(Beginning of Information shown)
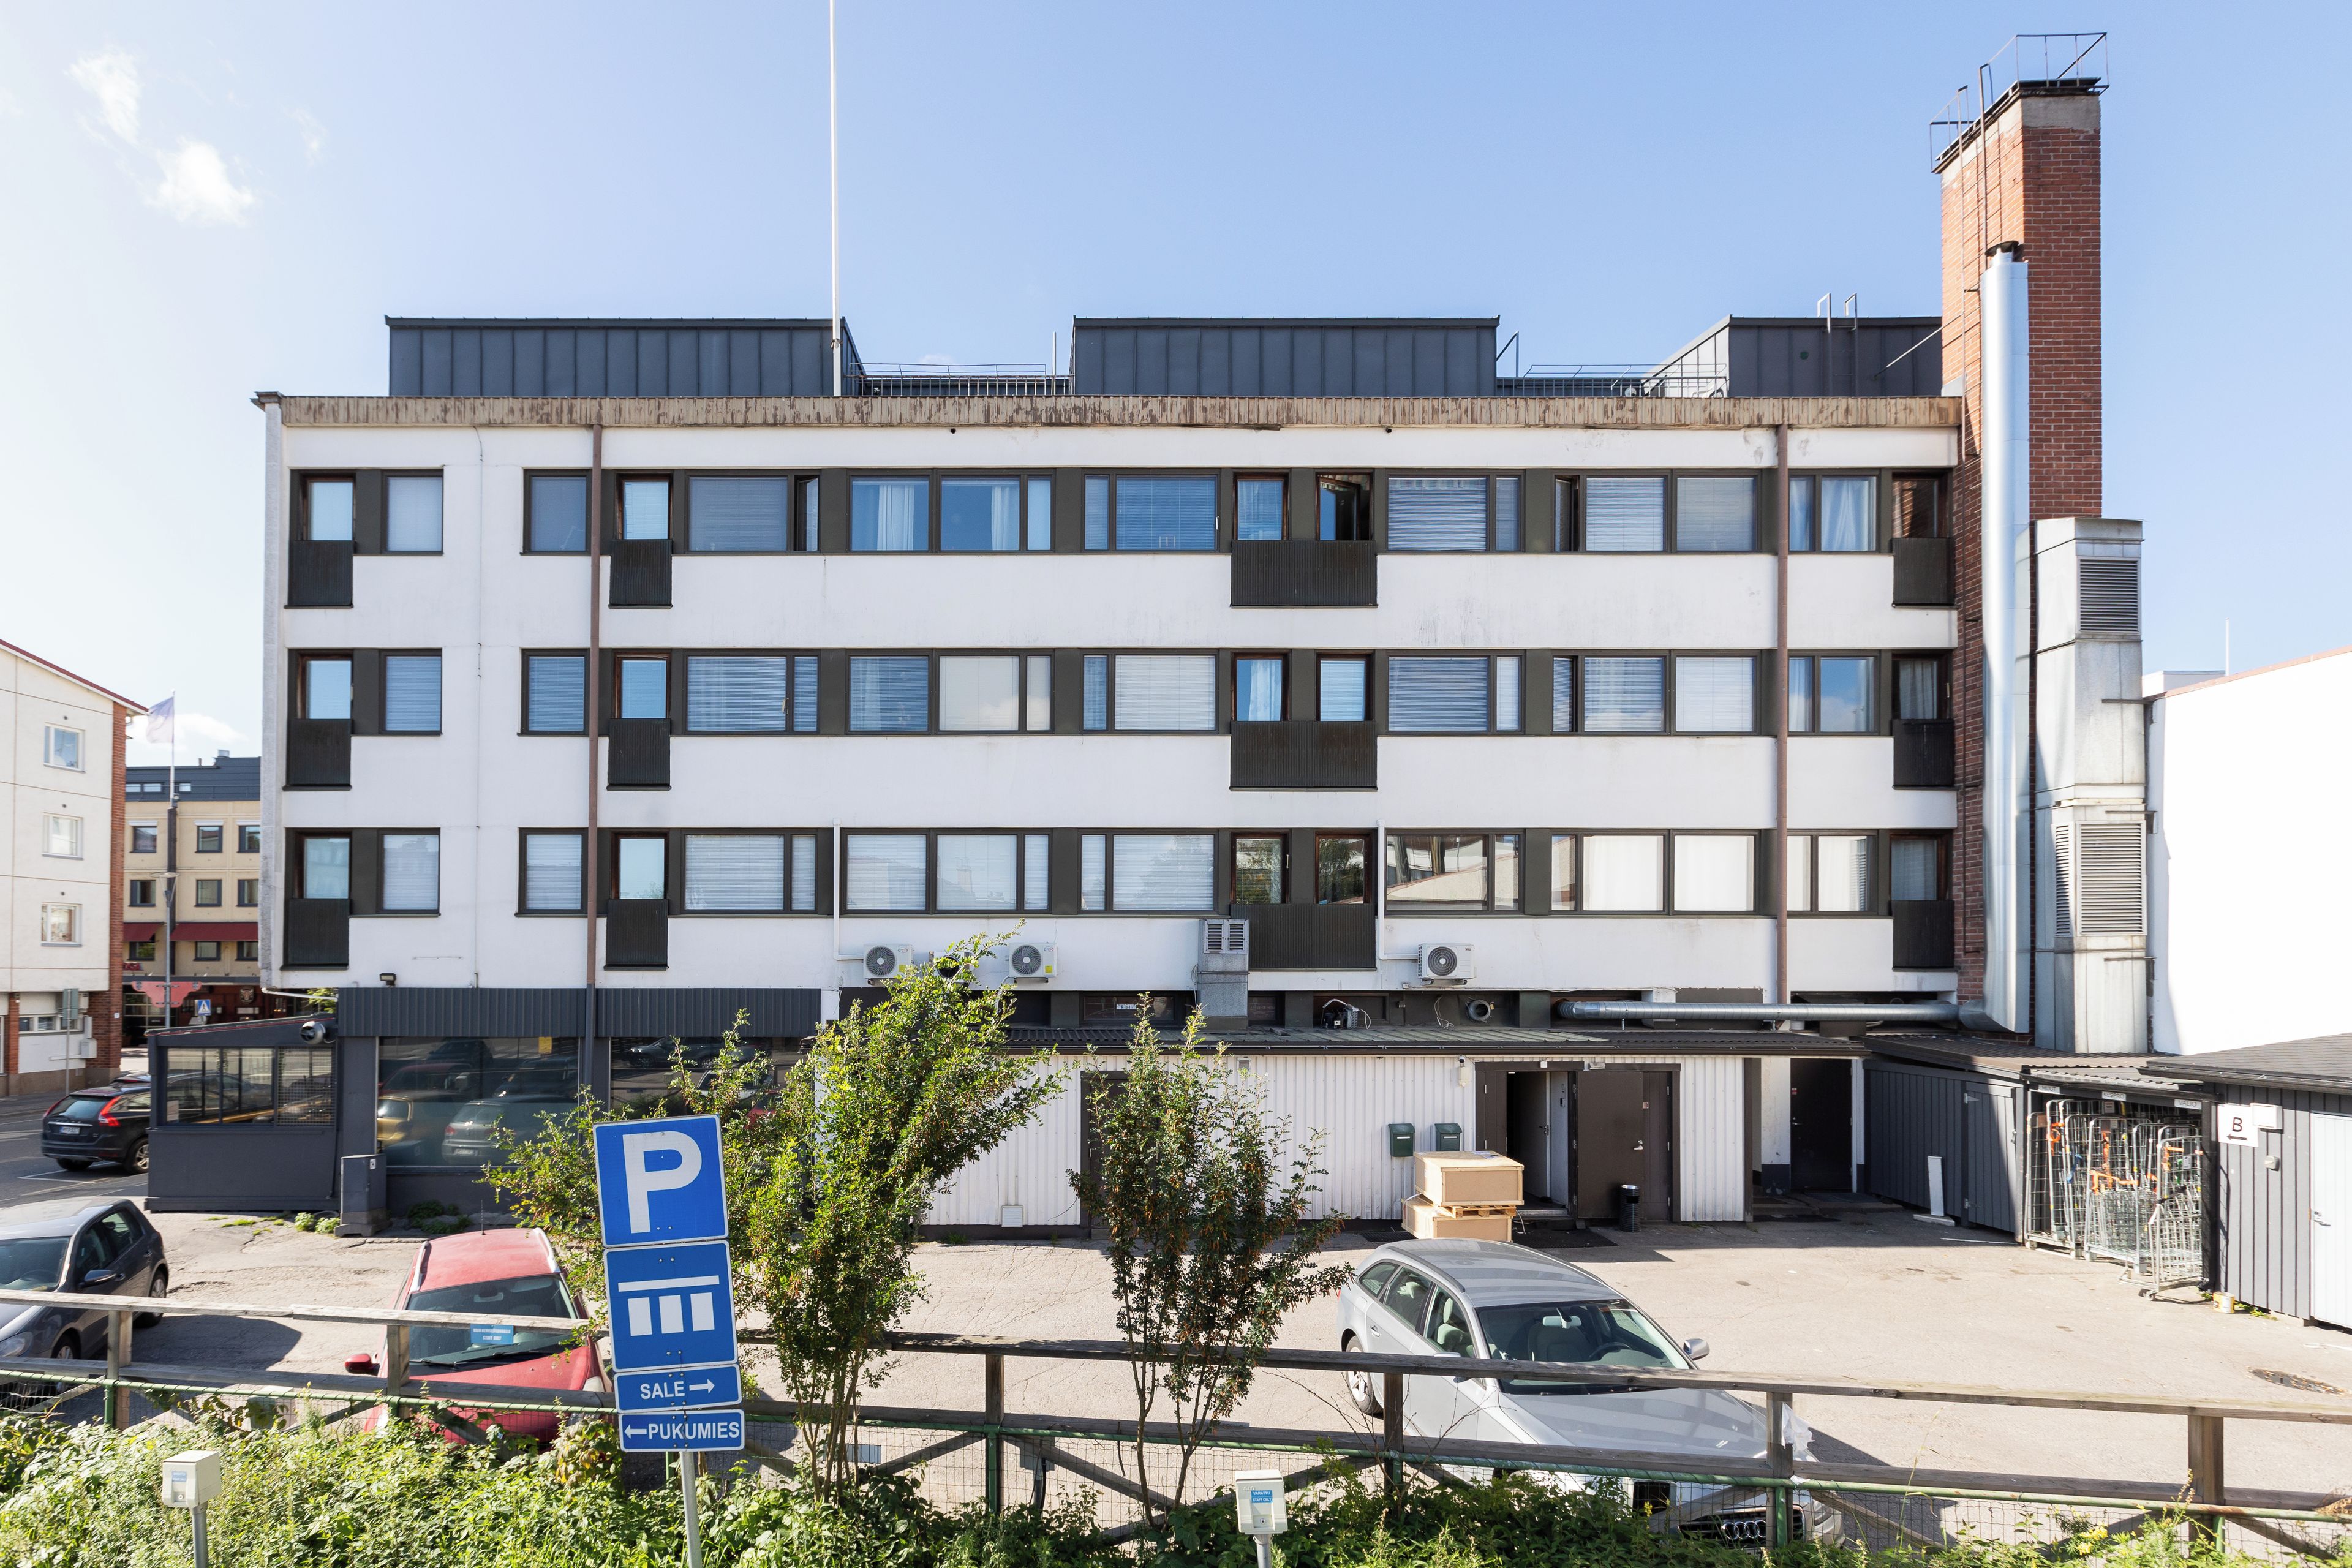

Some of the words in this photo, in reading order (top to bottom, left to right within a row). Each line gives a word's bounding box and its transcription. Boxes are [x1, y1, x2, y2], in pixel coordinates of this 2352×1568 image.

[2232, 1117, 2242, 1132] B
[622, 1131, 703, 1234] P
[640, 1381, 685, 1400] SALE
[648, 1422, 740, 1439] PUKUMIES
(End of Information shown)
● Task:
Reproduce the data above in full, exactly, with the images removed.

● Response to this task:
Some of the words in this photo, in reading order (top to bottom, left to right within a row). Each line gives a word's bounding box and its transcription. Boxes are [x1, y1, x2, y2], in pixel coordinates of this 2352×1568 image.

[2232, 1117, 2242, 1132] B
[622, 1131, 703, 1234] P
[640, 1381, 685, 1400] SALE
[648, 1422, 740, 1439] PUKUMIES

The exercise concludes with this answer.